[[ Available data, beginning ]]
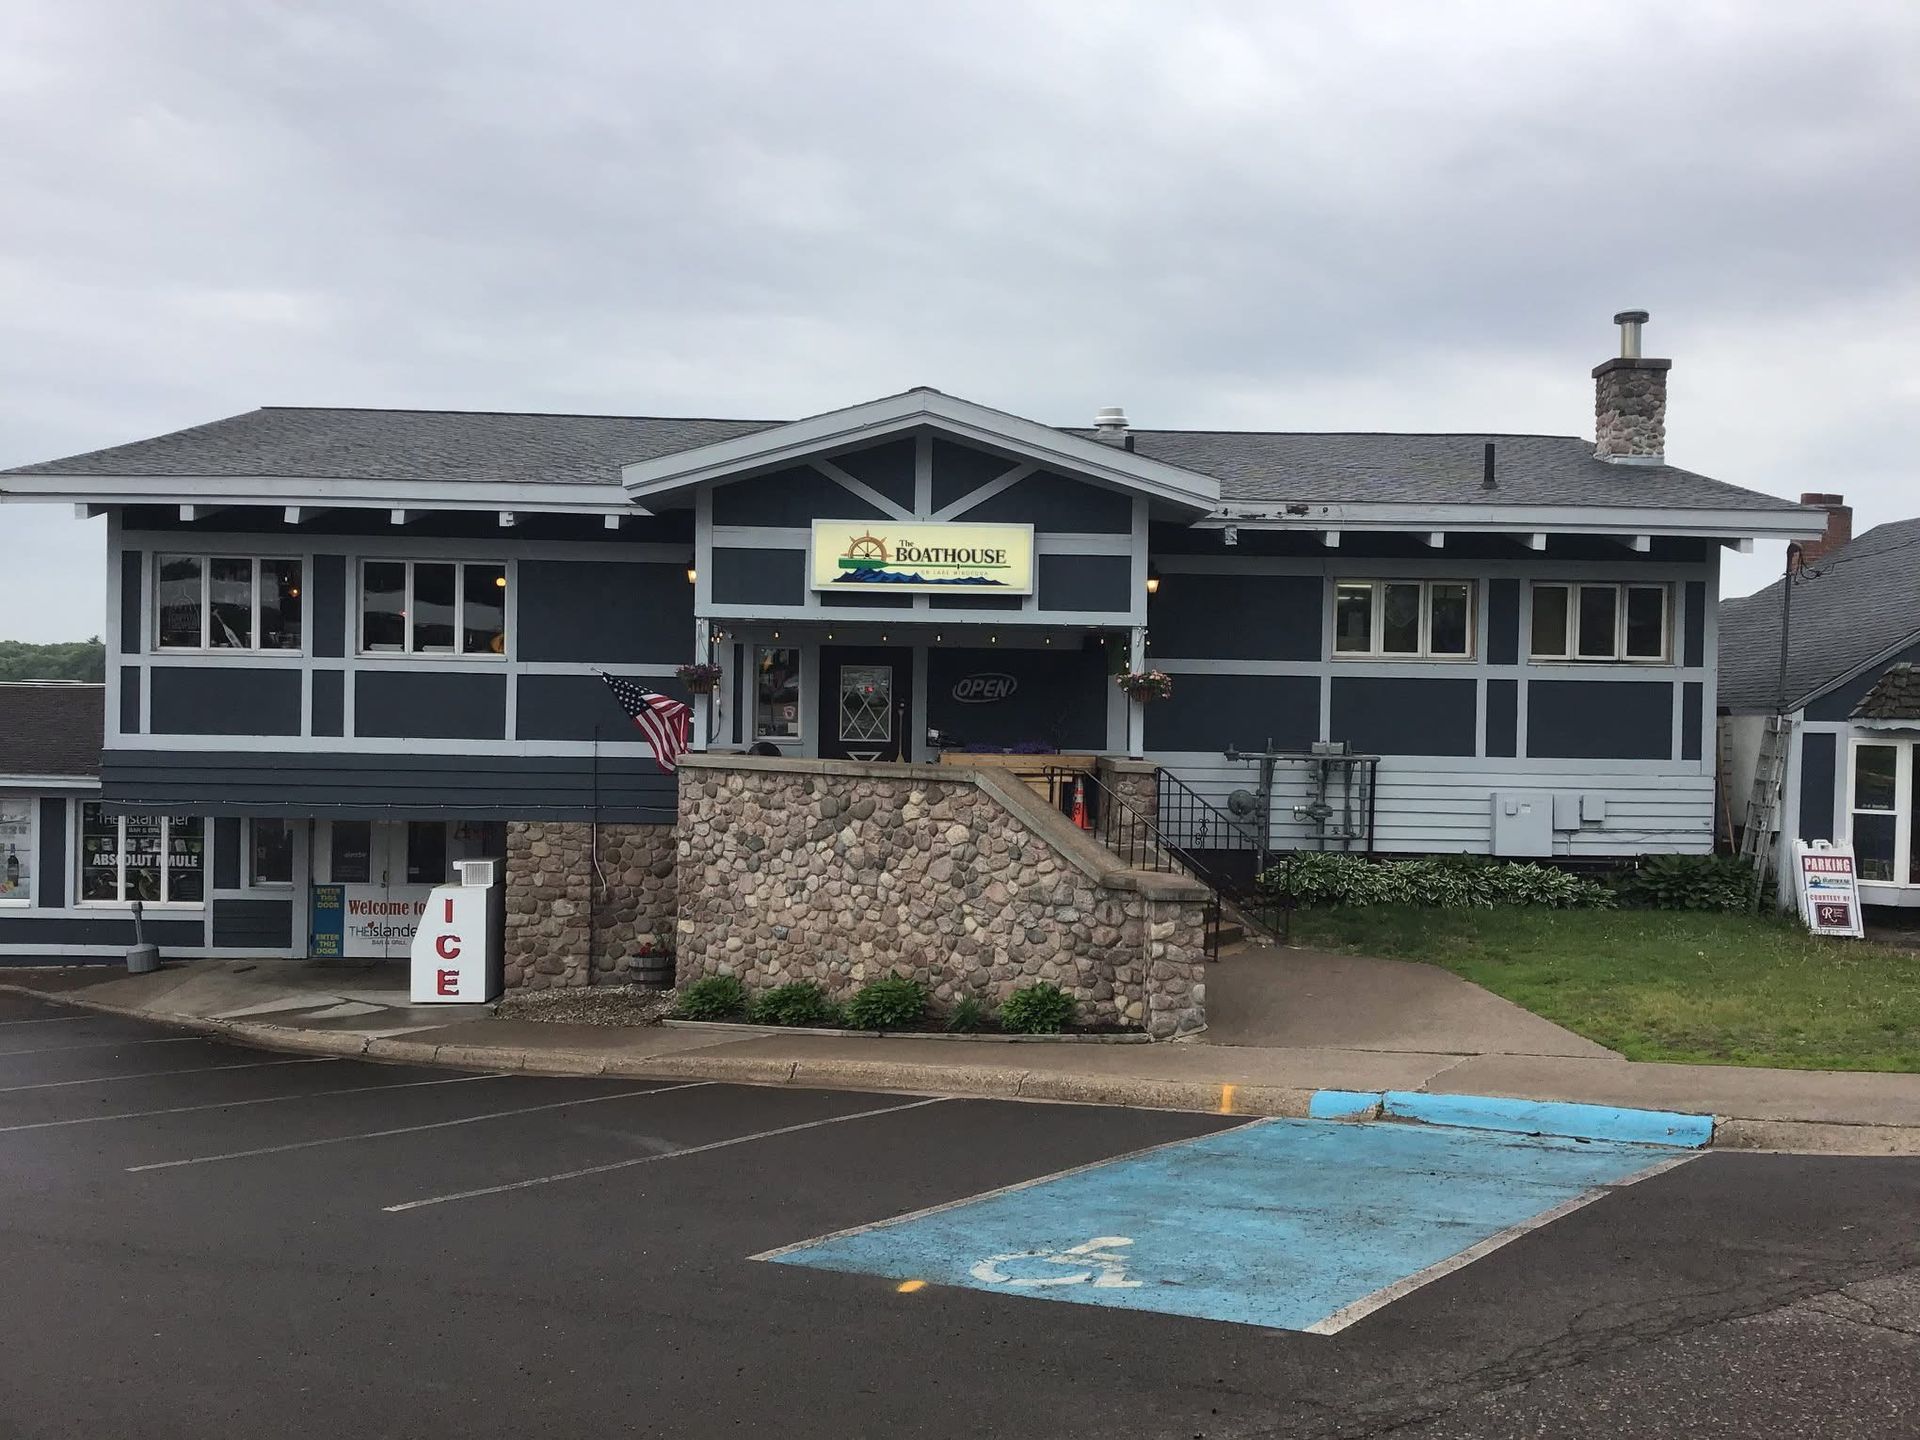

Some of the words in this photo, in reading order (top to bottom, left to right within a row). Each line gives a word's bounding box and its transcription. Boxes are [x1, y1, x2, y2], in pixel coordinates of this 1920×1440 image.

[896, 547, 1007, 564] BOATHOUSE
[957, 679, 1010, 697] OPEN
[1805, 858, 1851, 872] PARKING
[348, 900, 409, 915] Welcome
[413, 901, 427, 916] to
[436, 898, 461, 996] ICE
[[ Available data, end ]]
## Exercise aim
Please give back the data above word for word, with no pictures included.

## Output
Some of the words in this photo, in reading order (top to bottom, left to right within a row). Each line gives a word's bounding box and its transcription. Boxes are [x1, y1, x2, y2], in pixel coordinates of this 1920×1440 image.

[896, 547, 1007, 564] BOATHOUSE
[957, 679, 1010, 697] OPEN
[1805, 858, 1851, 872] PARKING
[348, 900, 409, 915] Welcome
[413, 901, 427, 916] to
[436, 898, 461, 996] ICE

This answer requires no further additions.